1、selenium是什么?是一个浏览器的自动化测试工具,就是通过写代码去操作浏览器,让浏览器做一些自动化的工作
selenium如何操作谷歌浏览器
安装selenium,pip install selenium
步骤:selenium操作谷歌浏览器,其实是操作谷歌浏览器的驱动,由驱动再去驱动浏览器
谷歌浏览器驱动下载地址
http://chromedriver.storage.googleapis.com/index.html
http://npm.taobao.org/mirrors/chromedriver/
谷歌浏览器和驱动之间关系映射表
http://blog.youkuaiyun.com/huilan_same/article/details/51896672
操作步骤:
见代码
phantomjs
是什么?就是一款浏览器,是一款无界面的浏览器,但是爬虫经常使用这个浏览器。
必须登录才能爬取,动态数据。
(1)数据在html中
(2)不在html,在接口中,捕获接口,分析接口。
返回的一般都是json格式数据,是html格式数据
(3)数据在js文件中,解析之,正则表达式
当情况更加复杂的时候怎么办?
放大招,放绝招。
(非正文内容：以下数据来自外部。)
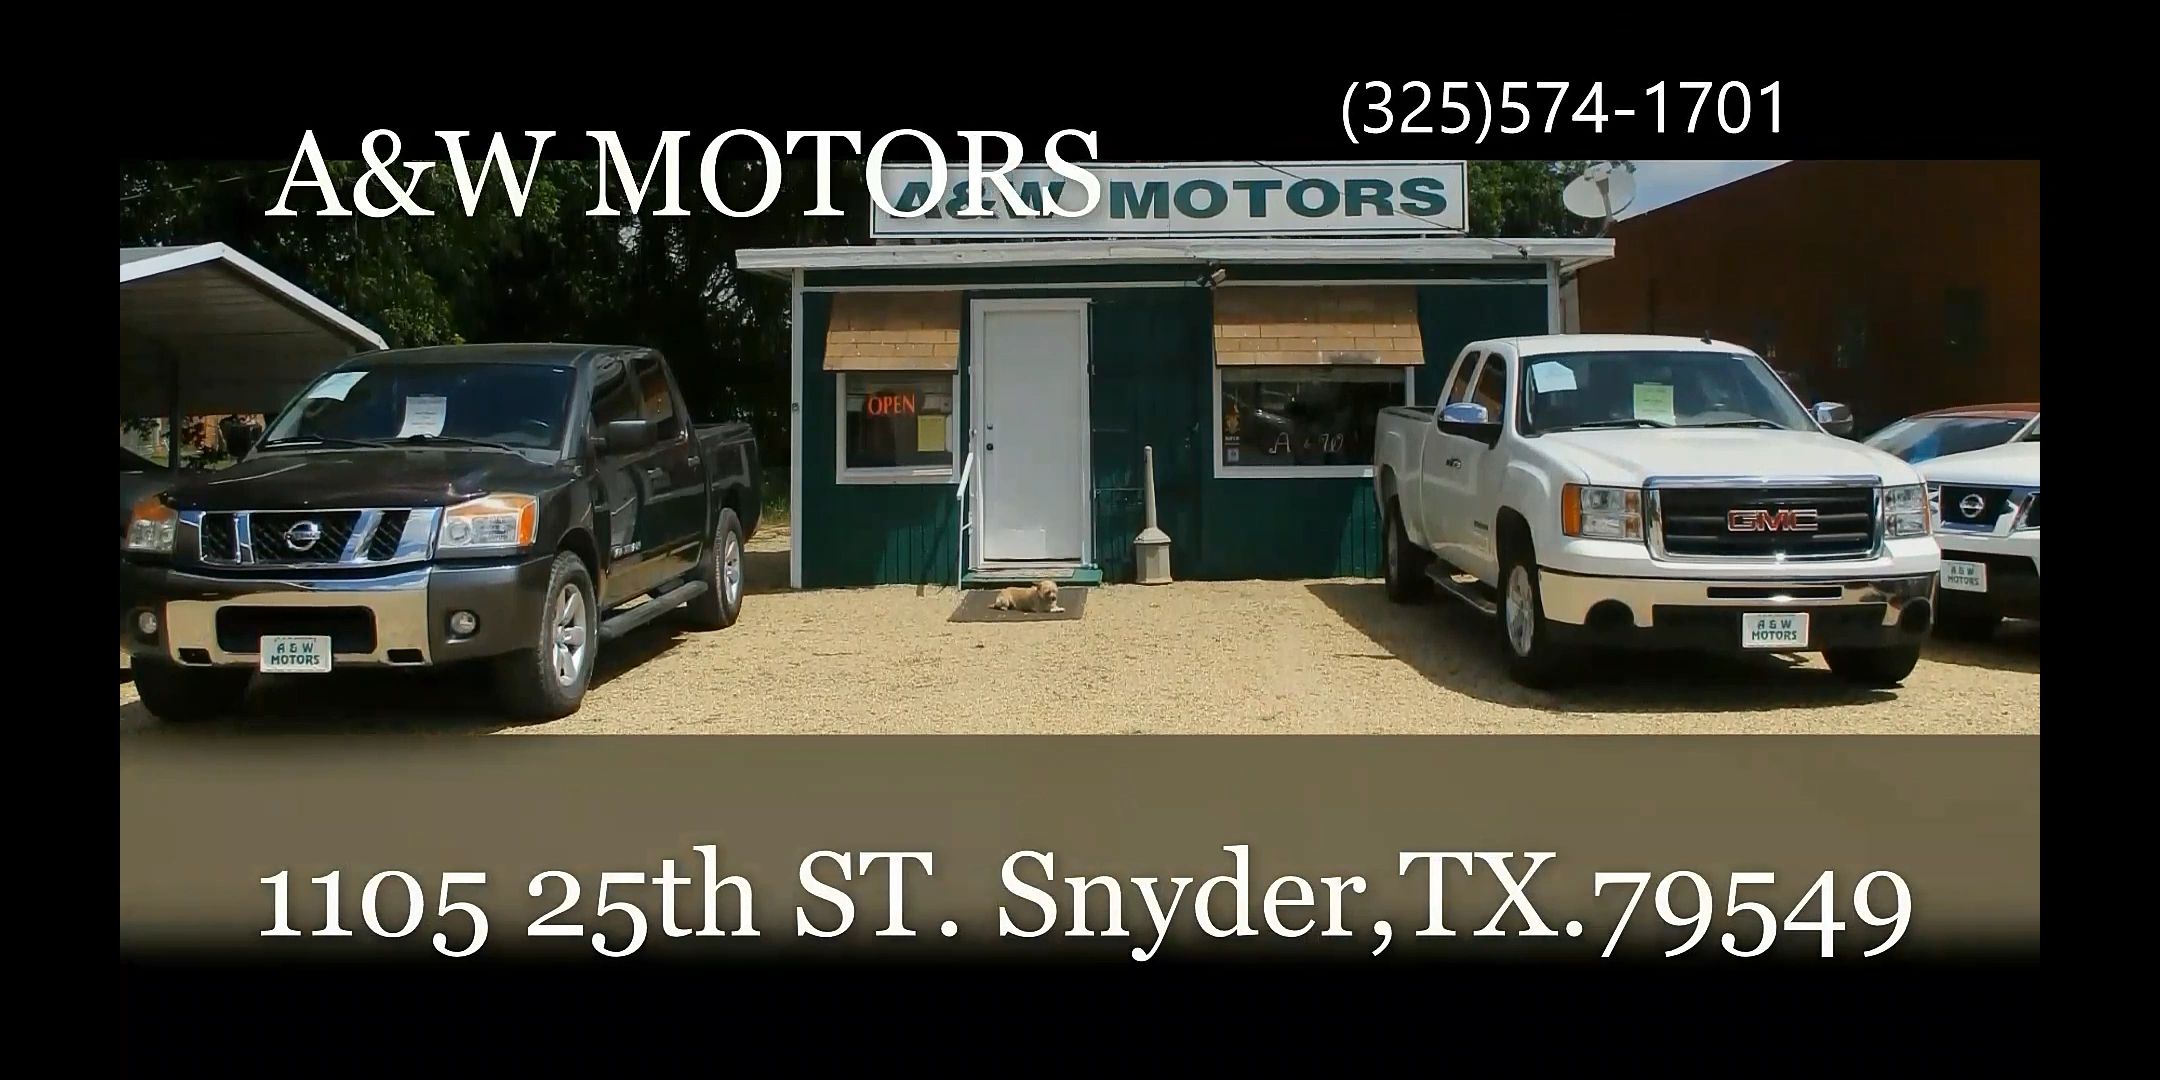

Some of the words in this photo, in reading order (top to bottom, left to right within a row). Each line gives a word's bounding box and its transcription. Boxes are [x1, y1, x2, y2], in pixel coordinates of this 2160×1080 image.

[1109, 178, 1449, 219] MOTORS
[867, 393, 915, 415] OPEN
[1727, 509, 1818, 532] GMC
[1757, 619, 1765, 629] A
[1781, 619, 1792, 630] W
[1752, 631, 1798, 641] MOTORS
[276, 642, 285, 654] A
[302, 642, 314, 654] W
[271, 654, 321, 666] MOTORS
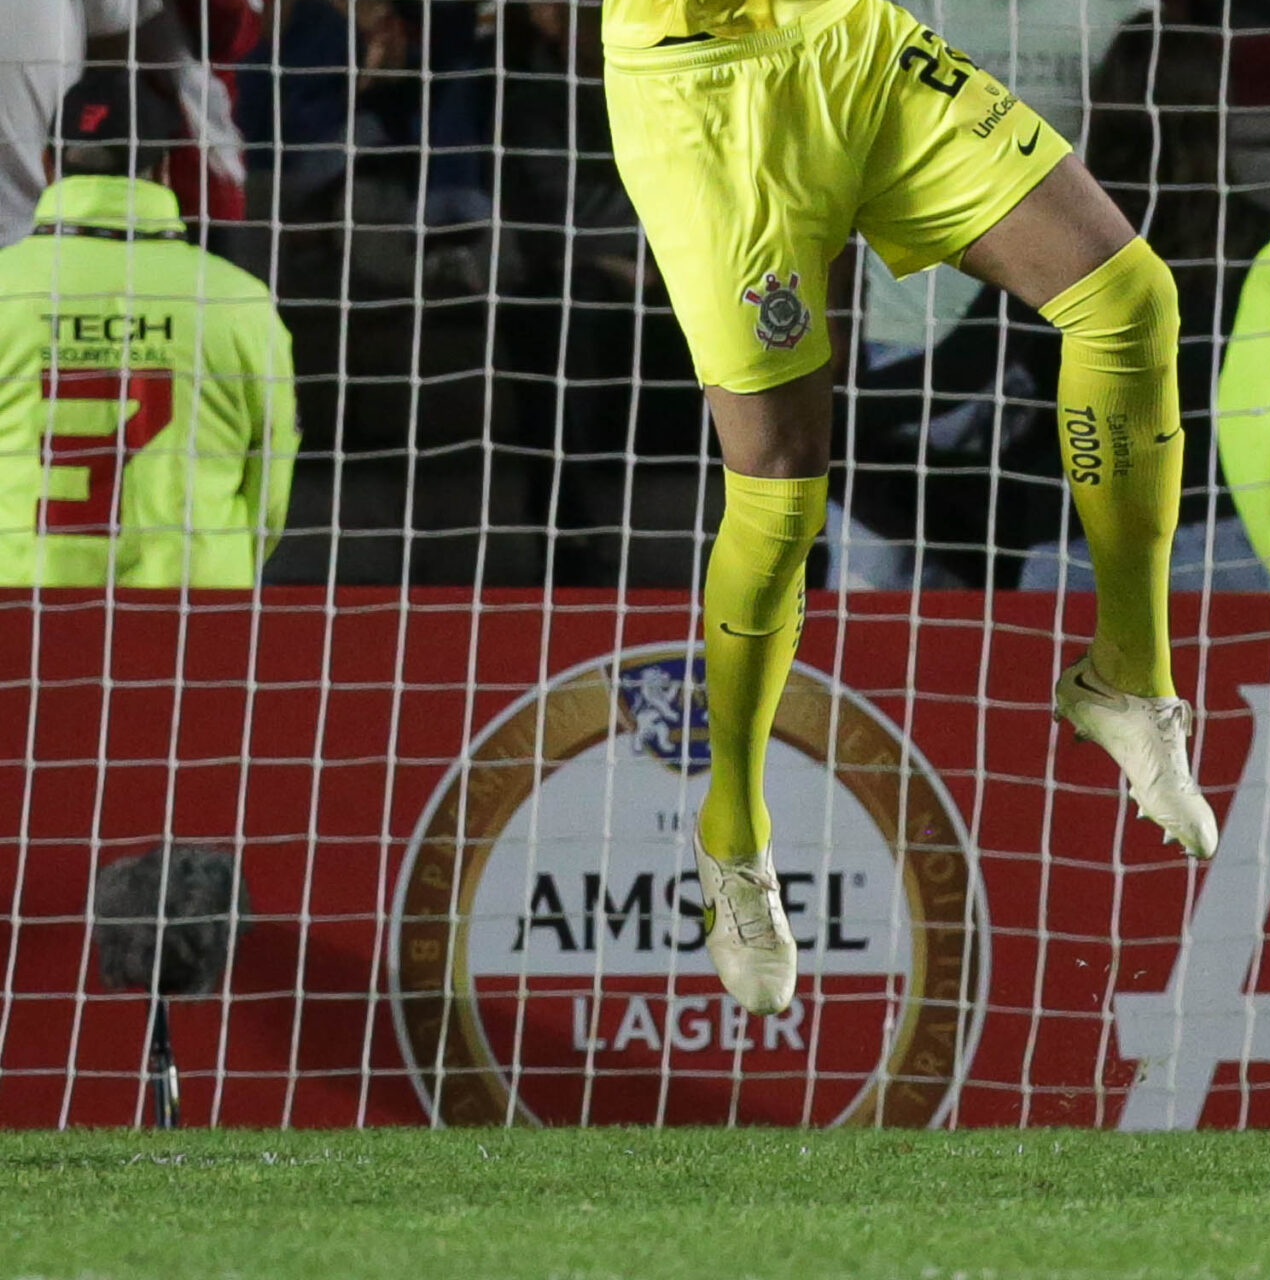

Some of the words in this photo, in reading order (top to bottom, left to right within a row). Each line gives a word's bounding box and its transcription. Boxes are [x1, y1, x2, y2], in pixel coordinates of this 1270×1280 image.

一般不要放,因为效率低
selenium如何操作phantomjs
见代码
目的是什么?phantomjs可以得到执行完js之后的网页代码
2、headlesschrome
phantomjs是无界面浏览器
谷歌无界面模式
from selenium.webdriver.chrome.options import Options
chrome_options = Options()
chrome_options.add_argument(’–headless’)
chrome_options.add_argument(’–disable-gpu’)
selenium驱动火狐浏览器
下载火狐驱动
https://github.com/mozilla/geckodriver/releases
版本映射
https://blog.youkuaiyun.com/yinshuilan/article/details/79730239
firefox_options = webdriver.FirefoxOptions()
firefox_options.set_headless()
firefox_options.add_argument('--disable-gpu')
操作谷歌
from selenium import webdriver
import time
# 创建一个浏览器对象
path = r'C:\Users\ZBLi\Desktop\1805\day06\ziliao\chromedriver.exe'
driver = webdriver.Chrome(executable_path=path)
# 让浏览器打开百度
url = 'http://www.baidu.com/'
driver.get(url)
# time.sleep(5)
driver.implicitly_wait(10)
'''
下面的操作依赖上面的响应,所以每次只要是耗时的操作,都需要停顿
(1)显示等待
time.sleep(10)
一直等待10s
(2)隐示等待
driver.implicitly_wait(10)
最多等待10s
动态加载
1、请求,得到的是空的html内容
2、在发送ajax请求,得到json格式数据
3、执行里面的js代码,根据DOM操作添加html内容
'''
# 找到输入框
my_input = driver.find_element_by_id('kw')
'''
find_element_by_id
find_element_by_xpath
find_elements_by_xpath
find_element_by_class_name
find_element_by_css_selector
find_element_by_link_text
find_elements_by_class_name
find_elements_by_css_selector
find_elements_by_link_text
'''
# 向这个框里面写内容
my_input.send_keys('清纯美女')
time.sleep(3)
# 查找百度一下按钮
button = driver.find_element_by_id('su')
button.click()
time.sleep(5)
# 查找指定链接
a_href = driver.find_elements_by_link_text('清纯美女_海量精选高清图片_百度图片')[0]
a_href.click()
time.sleep(10)
# 退出浏览器
driver.quit()
操作phantomjs
from selenium import webdriver
import time
'''
\n \r \t
'''
path = r'C:\Users\ZBLi\Desktop\1805\day06\ziliao\phantomjs-2.1.1-windows\bin\phantomjs.exe'
driver = webdriver.PhantomJS(executable_path=path)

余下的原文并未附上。